According to this statement of policy—and the language contained in the underlying rule—an indirect cost is fully deductible only to the extent that it does not fall under the definition of service costs. The problem is that the definition of service costs is so broad that it may always encompass activities that qualify as indirect labor .
Taxpayers’ Ability to Amend Franchise Tax Reports
An amended report may be filed within the time allowed by Tex. Tax Code § 111.107 to change the method of computing margin to the cost of goods sold deduction method or from the cost of goods sold deduction method to the compensation deduction method, 70% of total revenue, or, if otherwise qualified, the E-Z computation method. An election may also be changed as part of an audit. 
Texas Franchise Tax Litigation Update
The following case issues are pending/active in Texas courts and administrative hearings:
- Whether a custom manufacturer may take the cost of goods sold deduction when some of the raw materials are provided by its customer. Tex. Tax Code § 171.1012 requires the taxpayer to own the “goods” sold in order to qualify for the COGS deduction, but what qualifies as “ownership” and what qualifies as “goods” (raw materials vs. the end product) are two of the primary questions to be decided. The case is currently in Administrative Hearings.
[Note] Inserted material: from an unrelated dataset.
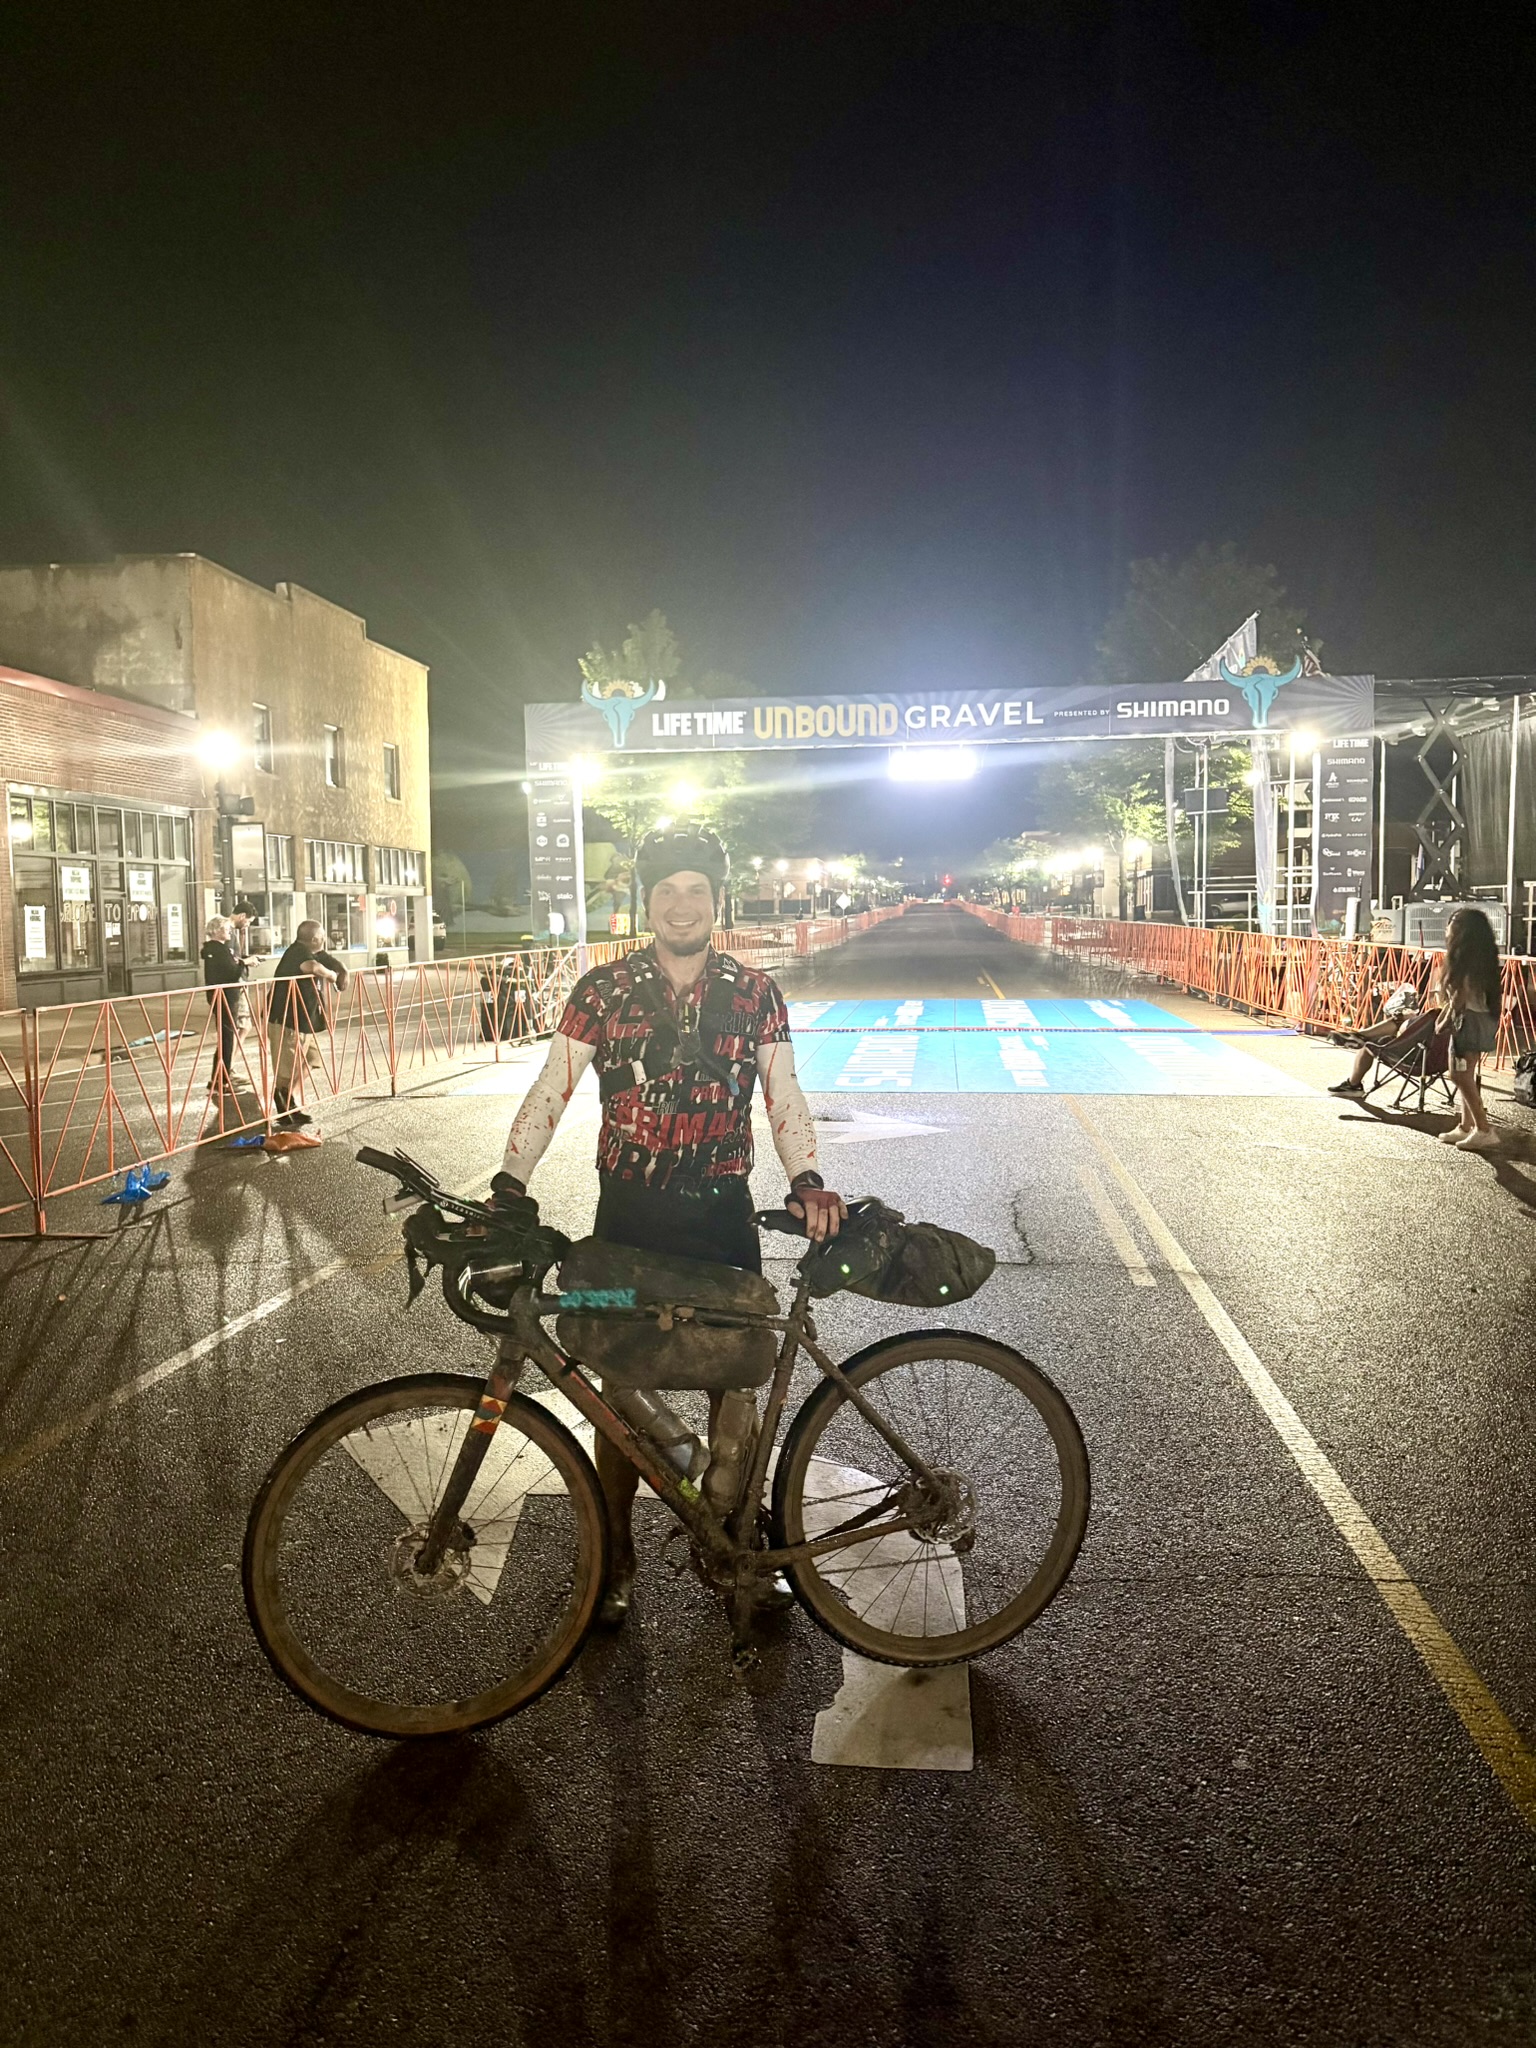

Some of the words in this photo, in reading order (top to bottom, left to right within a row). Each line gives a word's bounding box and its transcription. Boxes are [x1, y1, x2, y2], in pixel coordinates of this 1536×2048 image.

- Whether taxpayer may use three-factor apportionment pursuant to Texas Tax Code Chapter 141 (Multistate Compact) when Chapter 171 provides for single-factor apportionment. See Graphic Packaging Corp. v. Combs, Cause No. D-1-GN-12-003038, Travis County District Court.
- Whether certain expenses attributed to the generation and transmission of electricity are eligible for the COGS deduction. See Nextera Energy Power Marketing, LLC v. Combs, Cause No. D-1-GN-12-001372 Travis County District Court.
- Whether certain expenditures attributed to environmental disposal and reclamation services are eligible for the COGS deduction. See Newpark Resources, Inc. v. Combs (Texas Third Court of Appeals—Austin, 03-12-00515-CV), which is ready to be set for oral argument.
 The 2.5% rate reduction is technically an election, but we cannot think of a reason why a taxpayer would choose to not make the election.